The fact that the virus wasn't activated until Season 7 implies that 31 waited until what they felt was the opportune moment--probably, when the Dominion felt the full effects of the Romulans joining the Allies.
Was there evidence that the morphogenic virus needed a trigger?
The fact that it wasn't activated for years.

This doesn't make Section 31 any better. If anything, it makes Section 31 worse: what was it doing infecting the Founders with a genocidal bioweapon when the Dominion and the Federation weren't even fighting a war?
Yes, they were--just not a full-scale one. Recall "Homefront" and "Paradise Lost", the Klingon saga with the Martok-changeling (who was around since "Way of the Warrior"), etc.

In all those episodes, the Dominoon took actions intending to completely de-stablilize the Alpha and Beta Quadrants. In "Homefront/Paradise", in particular, they intended to bring Earth to destruction through implosion.

To paraphrase the 9/11 Commission Report, "They were at war with us. We weren't at war with them."

As I said, war itself is an atrocity. Trying to make it more or less of one is frankly meaningless--it's an atrocity, no matter how you want to paint it.
That runs directly against the Just War principles that define the Federation's military policies.
Principles which frankly need a lot of looking over. The Just War theory is good--in theory. However, many times, for the reasons I have stated, it's impractical and self-defeating.

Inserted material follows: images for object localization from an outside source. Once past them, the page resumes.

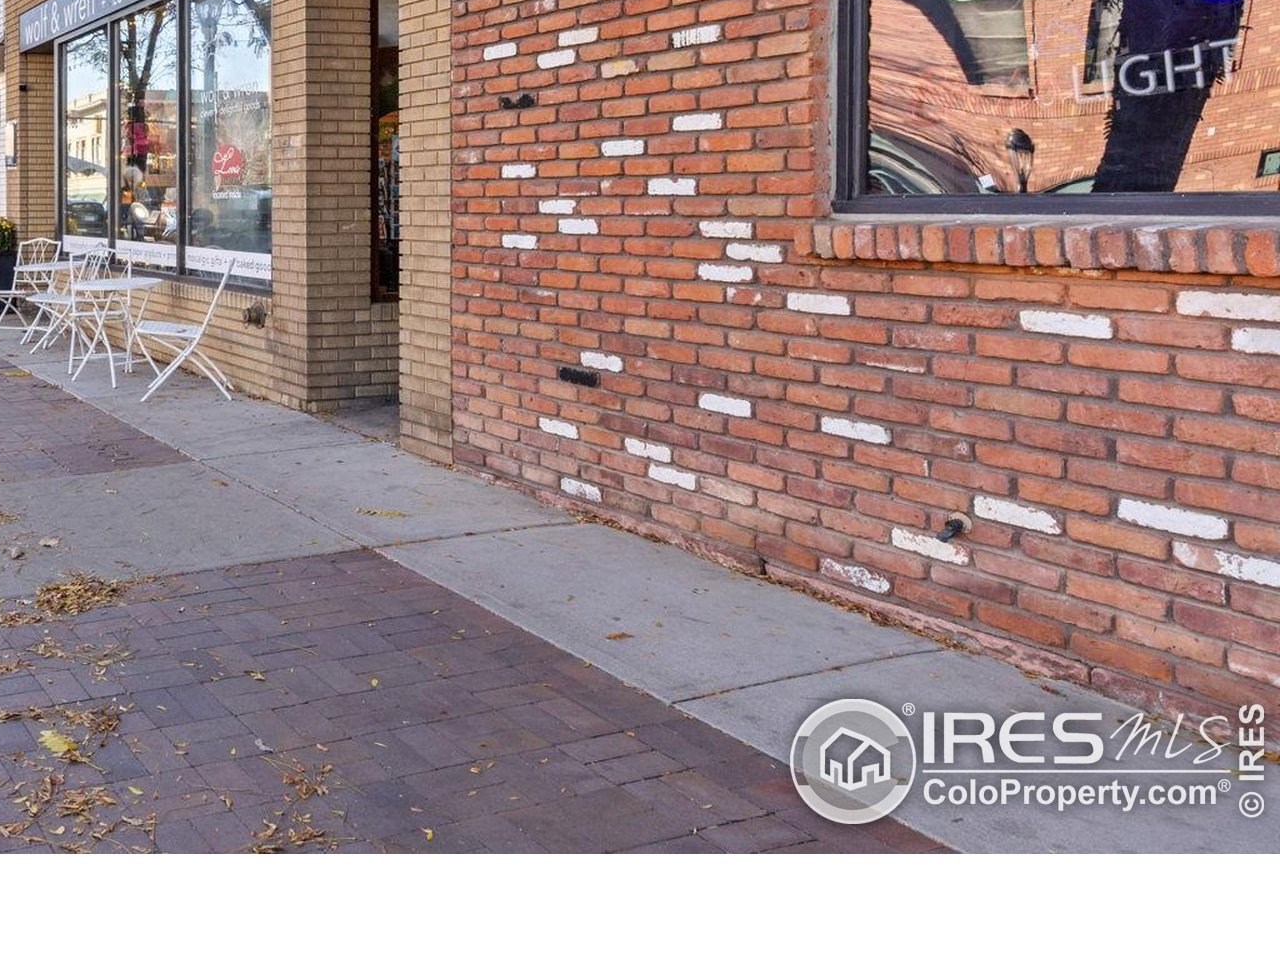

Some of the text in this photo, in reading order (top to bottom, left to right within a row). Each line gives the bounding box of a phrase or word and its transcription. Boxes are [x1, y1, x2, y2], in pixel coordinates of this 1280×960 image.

[24, 13, 48, 45] wolf
[51, 1, 60, 34] &
[1072, 37, 1241, 102] LIGHT
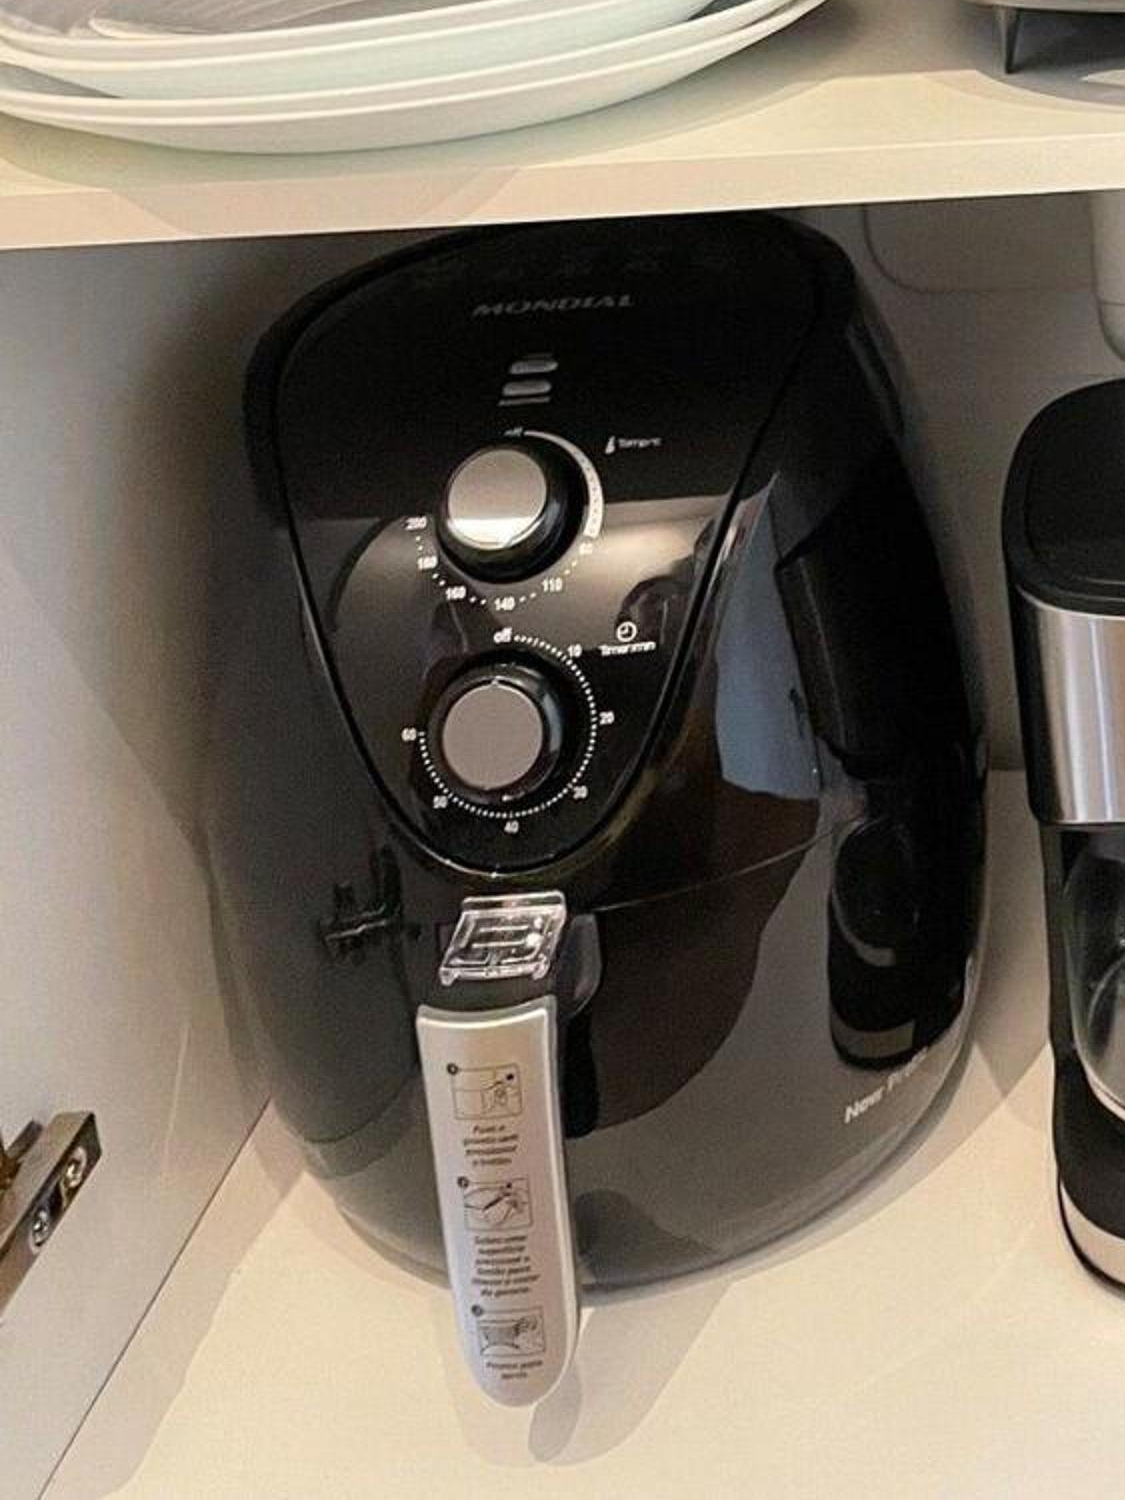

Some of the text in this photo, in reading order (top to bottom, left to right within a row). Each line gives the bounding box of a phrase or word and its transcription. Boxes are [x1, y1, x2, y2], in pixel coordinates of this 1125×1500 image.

[472, 294, 634, 317] MONDIAL
[494, 596, 516, 611] 140
[568, 644, 583, 658] 10
[599, 711, 615, 725] 20
[401, 728, 417, 742] 60
[504, 820, 519, 834] 40

Starfleet was willing to punish Worf for his destruction of a Klingon passenger ship at a time when the Federation and the Klingons were close to war; Worf was saved only when it turned out that there were no passengers on board.
And under normal circumstances, I would say Starfleet was wrong to be so willing. Of course, their reasons in that instance was that they were doing whatever was necessary to keep a war from breaking out.

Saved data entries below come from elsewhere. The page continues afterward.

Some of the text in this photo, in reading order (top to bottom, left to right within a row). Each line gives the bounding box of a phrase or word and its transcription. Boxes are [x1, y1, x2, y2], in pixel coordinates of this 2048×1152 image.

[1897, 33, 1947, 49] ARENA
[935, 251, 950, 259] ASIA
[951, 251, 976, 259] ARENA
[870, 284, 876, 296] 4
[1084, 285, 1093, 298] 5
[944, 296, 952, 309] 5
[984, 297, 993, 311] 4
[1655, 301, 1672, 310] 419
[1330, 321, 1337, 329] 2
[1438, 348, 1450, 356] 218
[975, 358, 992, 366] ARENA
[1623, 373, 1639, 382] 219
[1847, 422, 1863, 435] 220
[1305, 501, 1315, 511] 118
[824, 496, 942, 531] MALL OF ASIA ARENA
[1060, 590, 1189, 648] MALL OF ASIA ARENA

Section 31's actions fall squarely outside the realm of the acceptable, in doing immoral and illegal things which place the Federation at risk of involvement in apocalyptic wars triggered by Federation operatives operating without anyone's consent. How is this going to work in its favour?
Obviously, the Section 31 agents in custody would be convicted--for the same reasons Starfleet was willing to convict Worf. It would be doing what would be necessary to maintain plausible deniability--and with it, the peace.
"The saying implies but does not name the effective agency of its supposed utopia.... 'Needs and abilities' are, of course, subjective. So the operative statement may be reduced to 'the State shall take, the State shall give'."